Maybe it is. But here's what I keep coming back to: none of that changes what makes a small business healthy.
I've watched vendor after vendor enter the MSP market with serious capital behind them and get absolutely humbled by it. The SMB market doesn't care how much money you raised. It has its own rhythm — high volume, relationship-driven, with a sales and support cycle that looks nothing like enterprise. The clients are smaller, the margins are tighter, the relationships are more personal, and the tolerance for getting it wrong is lower. You either learn that or you pay for it. A lot of well-funded companies have paid for it.
PE investors are smart people. They do serious research. But there's a meaningful difference between understanding a market well enough to place a bet on it and actually knowing how to run a business inside it. One is pattern recognition at scale. The other is knowing what to do when a key tech leaves on a Friday afternoon and three clients are down. Those are not the same skill set, and confusing them is an easy mistake to make when you're looking at the industry from the outside.

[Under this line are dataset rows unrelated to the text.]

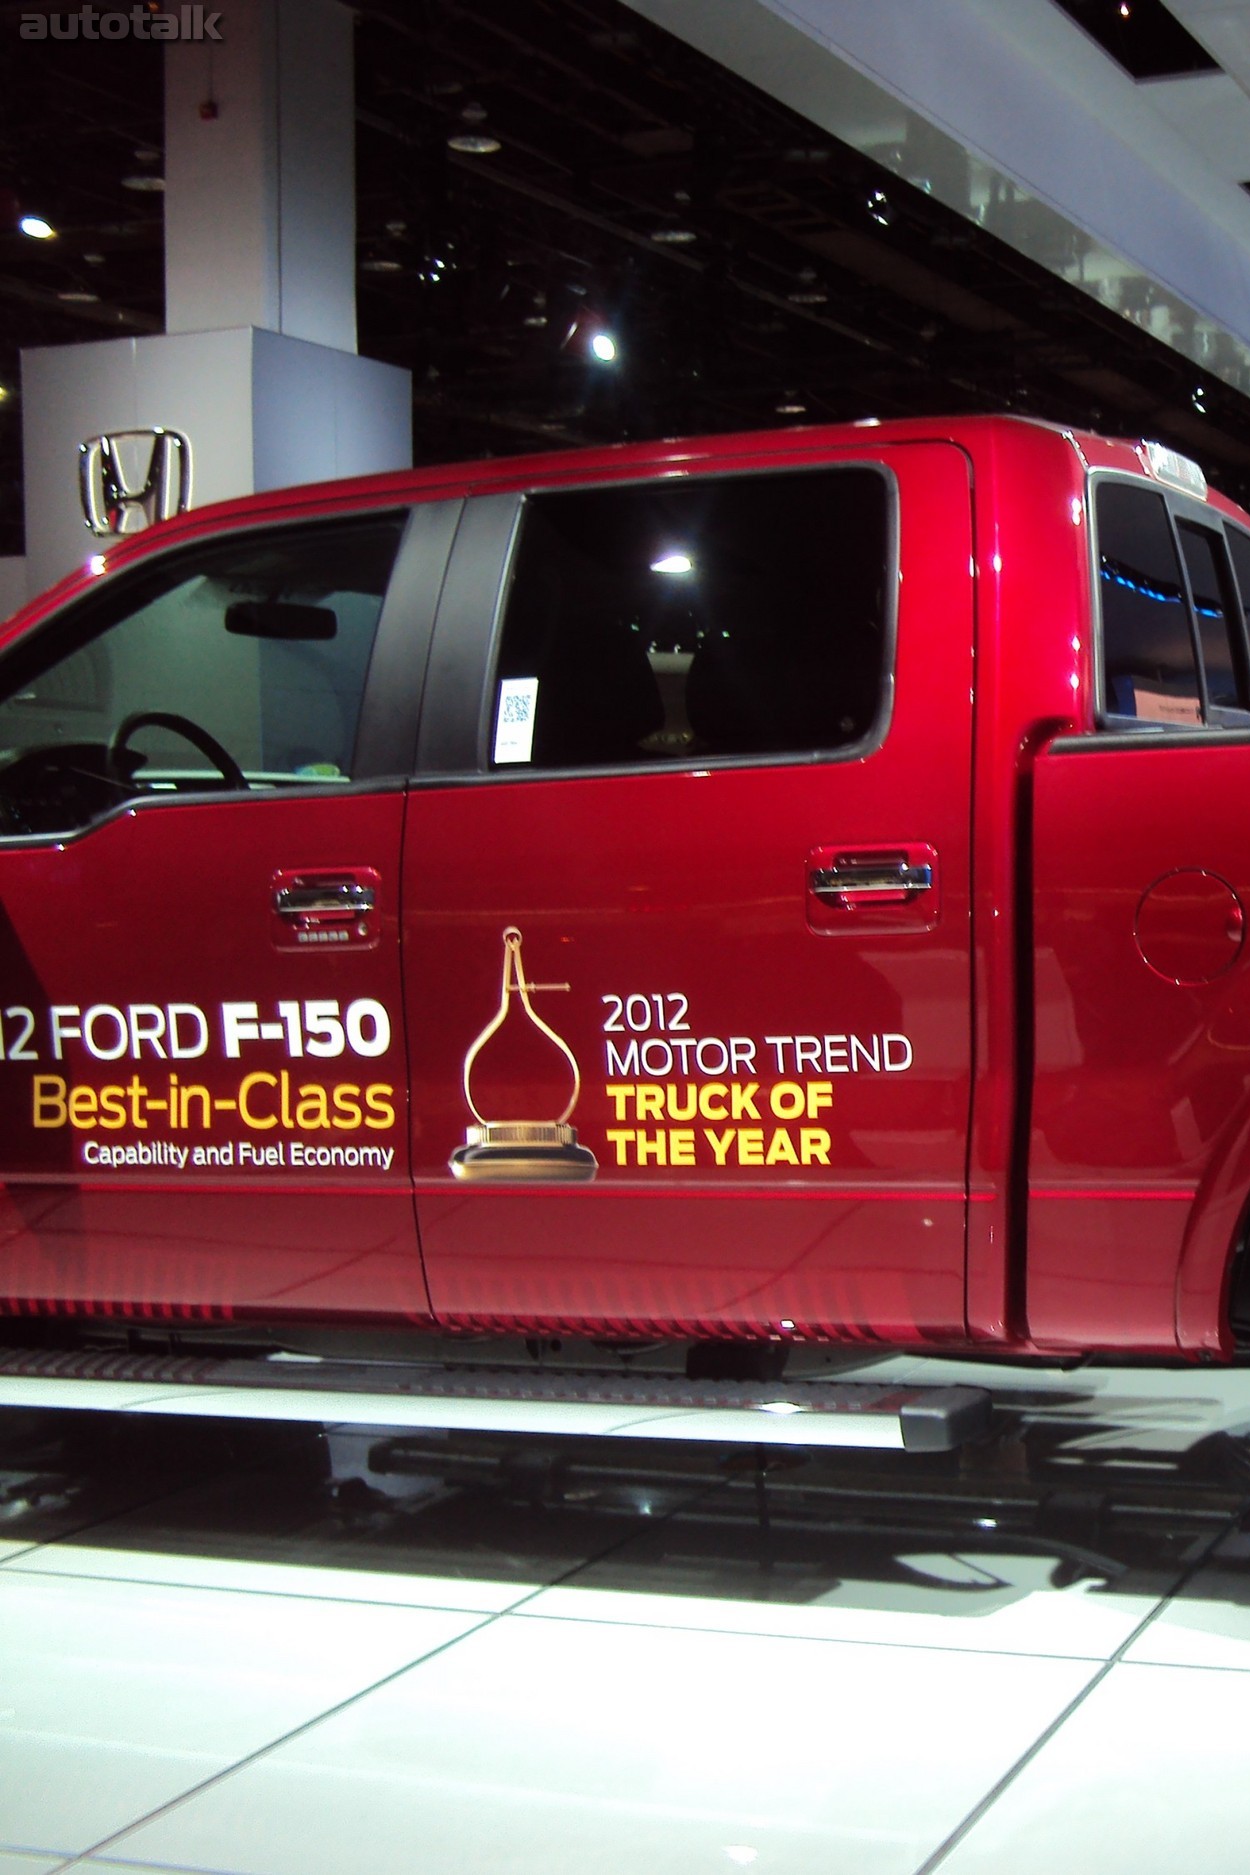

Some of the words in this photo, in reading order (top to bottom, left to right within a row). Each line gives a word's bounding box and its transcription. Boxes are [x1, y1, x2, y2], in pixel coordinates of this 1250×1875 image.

[50, 1003, 209, 1061] FORD
[222, 999, 391, 1059] F-150
[602, 993, 691, 1032] 2012
[606, 1036, 757, 1076] MOTOR
[765, 1033, 913, 1074] TREND
[33, 1070, 395, 1129] Best-in-Class
[605, 1082, 762, 1121] TRUCK
[769, 1081, 833, 1120] OF
[84, 1141, 188, 1169] Capability
[192, 1141, 233, 1166] and
[238, 1142, 285, 1166] Fuel
[290, 1142, 395, 1170] Economy
[606, 1128, 696, 1166] THE
[703, 1127, 832, 1166] YEAR

Here's where I think the PE-influenced narrative has done real damage to small MSPs: the push toward 80% recurring managed services revenue as the gold standard. It sounds right. Recurring revenue is predictable, it models cleanly, and it tells a good story in an acquisition conversation. If you're building a business to sell, it's a reasonable thing to optimize for.

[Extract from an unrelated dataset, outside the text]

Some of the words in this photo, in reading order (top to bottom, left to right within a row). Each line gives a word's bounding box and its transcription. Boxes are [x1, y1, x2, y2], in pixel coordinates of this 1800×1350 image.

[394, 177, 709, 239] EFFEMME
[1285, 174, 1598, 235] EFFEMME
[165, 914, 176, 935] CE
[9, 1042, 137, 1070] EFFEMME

But most MSPs aren't building to sell. They're building to run. And Service Leadership data shows that the healthiest, fastest-growing MSPs tend to run closer to 60% managed services and 40% professional services. The professional services work isn't a problem to be solved — it's often what funds growth, deepens client relationships, and keeps the business financially flexible. A well-timed project can do things for your P&L that a managed services contract simply can't.
The 80/20 target wasn't designed for operators. It was designed for deal sheets. That's not a criticism — it's just worth knowing whose interests a given piece of advice is actually serving.
And that's the core issue. When you optimize your business for how it looks to an outside buyer rather than how it actually runs, you can make decisions that quietly hurt you. You might under-invest in project work that your clients actually need. You might chase a revenue structure that sounds sophisticated but doesn't fit your market, your team, or your clients. You might spend energy on the wrong things while the basics quietly slip.
The fundamentals don't care about any of this. A clean balance sheet matters. A well-managed P&L matters. Knowing your margins, controlling your costs, understanding which clients are actually profitable and which ones are quietly draining you — that's the work. It was the work before PE started buying up MSPs and it will be the work long after the current wave of consolidation settles out.
Thirty percent of MSPs are running at break-even or losing money. That's not a PE problem or an AI problem or a competitive landscape problem. That's a business fundamentals problem. And no amount of industry narrative about multiples and recurring revenue ratios fixes it. The only thing that fixes it is doing the unglamorous work of understanding your own numbers and managing to them.
That's not exciting advice. There's no acquisition story attached to it. But the MSPs I've seen build something durable over time — something that actually serves their clients and supports their own lives — are almost always the ones who never stopped paying attention to the basics. Clean books. Managed costs. Profitable clients. A P&L that tells the truth.
If your books are clean and your business is profitable, you're in a stronger position than most — regardless of what's happening at the top of the market. If they're not, that's the thing worth fixing first. Not your revenue mix ratio. Not your acquisition readiness. Your books.
The noise will keep coming. The fundamentals will keep being the fundamentals.